→ EXERCISE BRIEF
The records below must be transcribed exactly. Do not include the pictures.

--- DATA SHOWN Enclosed Below ---

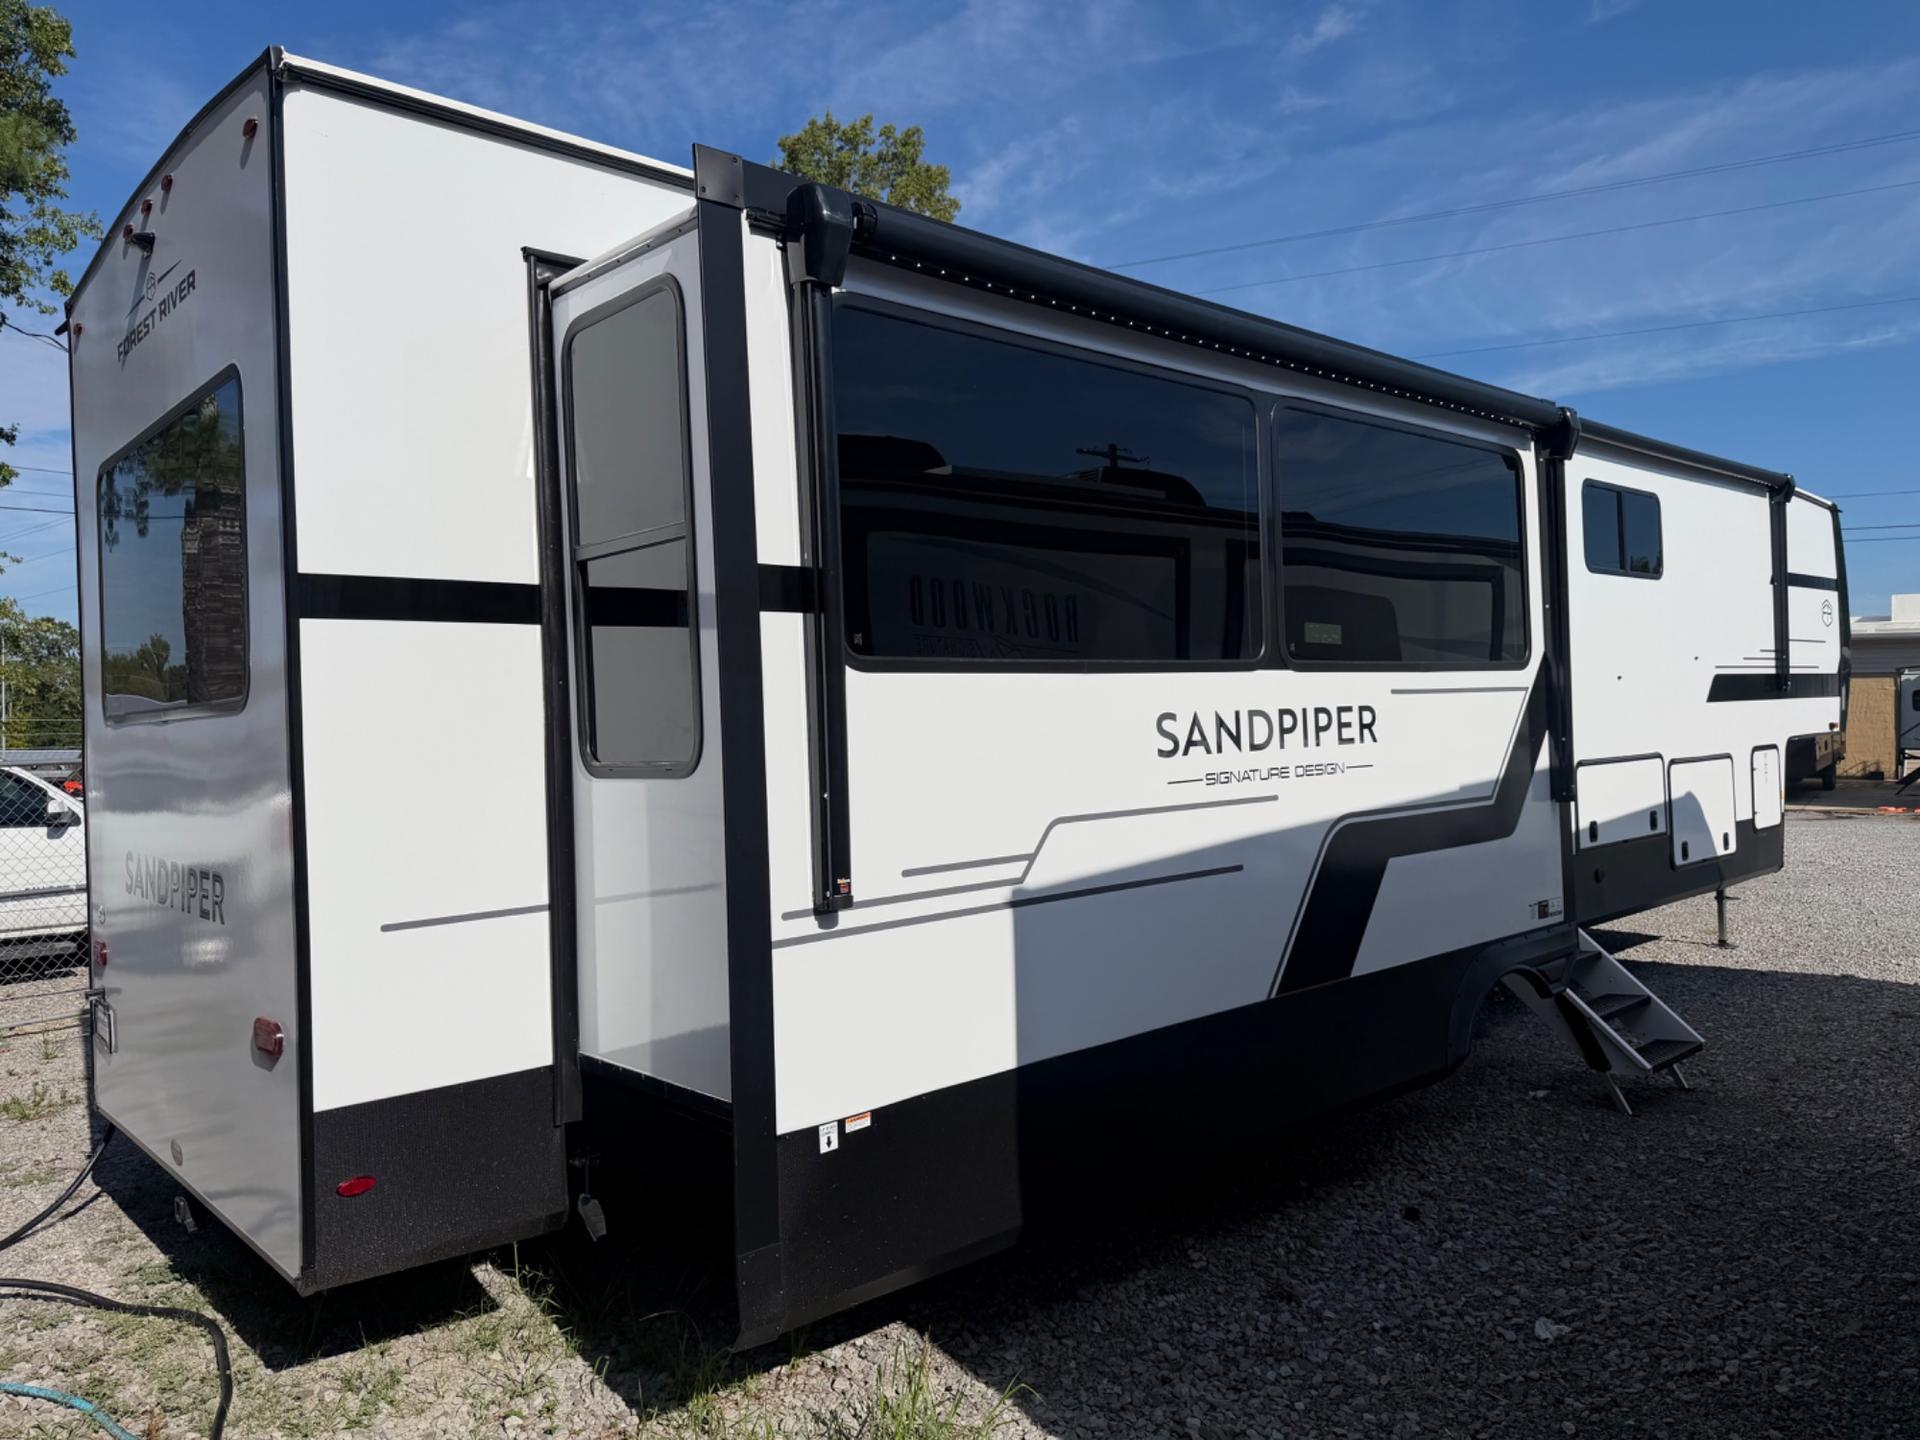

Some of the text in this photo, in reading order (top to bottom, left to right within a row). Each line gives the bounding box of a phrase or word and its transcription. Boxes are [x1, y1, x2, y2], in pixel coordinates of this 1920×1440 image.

[117, 269, 196, 362] FOREST RIVER
[1155, 704, 1378, 759] SANDPIPER
[1205, 762, 1346, 786] SIGNATURE DESIGN
[125, 850, 225, 925] SANDPIPER

--- End of Enclosed DATA SHOWN ---

→ RESULT OF THIS TASK
Some of the text in this photo, in reading order (top to bottom, left to right within a row). Each line gives the bounding box of a phrase or word and its transcription. Boxes are [x1, y1, x2, y2], in pixel coordinates of this 1920×1440 image.

[117, 269, 196, 362] FOREST RIVER
[1155, 704, 1378, 759] SANDPIPER
[1205, 762, 1346, 786] SIGNATURE DESIGN
[125, 850, 225, 925] SANDPIPER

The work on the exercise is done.